**YOUR TASK:** The data must be returned exactly. No line may be left out.

**EXERCISE INPUTS:**
= = = = = = =

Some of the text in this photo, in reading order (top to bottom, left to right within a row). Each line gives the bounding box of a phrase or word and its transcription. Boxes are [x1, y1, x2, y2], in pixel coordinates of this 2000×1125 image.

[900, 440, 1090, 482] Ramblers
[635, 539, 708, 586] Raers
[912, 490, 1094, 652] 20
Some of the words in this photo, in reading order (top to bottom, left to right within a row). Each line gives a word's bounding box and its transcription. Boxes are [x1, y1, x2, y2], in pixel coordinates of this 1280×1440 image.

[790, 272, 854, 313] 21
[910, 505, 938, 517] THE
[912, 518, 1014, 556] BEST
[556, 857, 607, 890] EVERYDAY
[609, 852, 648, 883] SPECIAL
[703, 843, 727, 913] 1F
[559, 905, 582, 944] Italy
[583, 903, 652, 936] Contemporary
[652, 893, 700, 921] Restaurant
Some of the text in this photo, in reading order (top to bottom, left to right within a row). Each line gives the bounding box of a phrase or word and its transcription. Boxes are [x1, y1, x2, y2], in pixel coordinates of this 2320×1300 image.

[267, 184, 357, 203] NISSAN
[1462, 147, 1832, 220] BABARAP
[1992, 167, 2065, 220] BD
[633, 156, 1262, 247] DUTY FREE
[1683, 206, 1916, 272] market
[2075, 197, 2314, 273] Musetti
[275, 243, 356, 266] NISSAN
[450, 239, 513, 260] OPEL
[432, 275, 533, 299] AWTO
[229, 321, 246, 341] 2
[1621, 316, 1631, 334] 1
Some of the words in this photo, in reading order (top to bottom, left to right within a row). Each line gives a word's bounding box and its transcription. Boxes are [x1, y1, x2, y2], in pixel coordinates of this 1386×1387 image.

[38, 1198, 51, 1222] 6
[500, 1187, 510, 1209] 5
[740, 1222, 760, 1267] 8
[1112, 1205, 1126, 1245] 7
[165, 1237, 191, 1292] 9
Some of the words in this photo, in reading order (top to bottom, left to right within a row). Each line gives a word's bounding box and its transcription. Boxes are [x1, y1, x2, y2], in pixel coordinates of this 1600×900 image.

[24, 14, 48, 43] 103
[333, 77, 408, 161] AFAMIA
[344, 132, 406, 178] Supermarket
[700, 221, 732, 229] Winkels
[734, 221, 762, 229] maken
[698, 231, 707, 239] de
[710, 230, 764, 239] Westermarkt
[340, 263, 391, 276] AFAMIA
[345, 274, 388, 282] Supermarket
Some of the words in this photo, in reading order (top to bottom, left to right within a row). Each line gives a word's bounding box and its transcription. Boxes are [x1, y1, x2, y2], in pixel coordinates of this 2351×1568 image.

= = = = = = =

**FINAL ANSWER:**
Some of the text in this photo, in reading order (top to bottom, left to right within a row). Each line gives the bounding box of a phrase or word and its transcription. Boxes are [x1, y1, x2, y2], in pixel coordinates of this 2000×1125 image.

[900, 440, 1090, 482] Ramblers
[635, 539, 708, 586] Raers
[912, 490, 1094, 652] 20
Some of the words in this photo, in reading order (top to bottom, left to right within a row). Each line gives a word's bounding box and its transcription. Boxes are [x1, y1, x2, y2], in pixel coordinates of this 1280×1440 image.

[790, 272, 854, 313] 21
[910, 505, 938, 517] THE
[912, 518, 1014, 556] BEST
[556, 857, 607, 890] EVERYDAY
[609, 852, 648, 883] SPECIAL
[703, 843, 727, 913] 1F
[559, 905, 582, 944] Italy
[583, 903, 652, 936] Contemporary
[652, 893, 700, 921] Restaurant
Some of the text in this photo, in reading order (top to bottom, left to right within a row). Each line gives the bounding box of a phrase or word and its transcription. Boxes are [x1, y1, x2, y2], in pixel coordinates of this 2320×1300 image.

[267, 184, 357, 203] NISSAN
[1462, 147, 1832, 220] BABARAP
[1992, 167, 2065, 220] BD
[633, 156, 1262, 247] DUTY FREE
[1683, 206, 1916, 272] market
[2075, 197, 2314, 273] Musetti
[275, 243, 356, 266] NISSAN
[450, 239, 513, 260] OPEL
[432, 275, 533, 299] AWTO
[229, 321, 246, 341] 2
[1621, 316, 1631, 334] 1
Some of the words in this photo, in reading order (top to bottom, left to right within a row). Each line gives a word's bounding box and its transcription. Boxes are [x1, y1, x2, y2], in pixel coordinates of this 1386×1387 image.

[38, 1198, 51, 1222] 6
[500, 1187, 510, 1209] 5
[740, 1222, 760, 1267] 8
[1112, 1205, 1126, 1245] 7
[165, 1237, 191, 1292] 9
Some of the words in this photo, in reading order (top to bottom, left to right within a row). Each line gives a word's bounding box and its transcription. Boxes are [x1, y1, x2, y2], in pixel coordinates of this 1600×900 image.

[24, 14, 48, 43] 103
[333, 77, 408, 161] AFAMIA
[344, 132, 406, 178] Supermarket
[700, 221, 732, 229] Winkels
[734, 221, 762, 229] maken
[698, 231, 707, 239] de
[710, 230, 764, 239] Westermarkt
[340, 263, 391, 276] AFAMIA
[345, 274, 388, 282] Supermarket
Some of the words in this photo, in reading order (top to bottom, left to right within a row). Each line gives a word's bounding box and its transcription. Boxes are [x1, y1, x2, y2], in pixel coordinates of this 2351×1568 image.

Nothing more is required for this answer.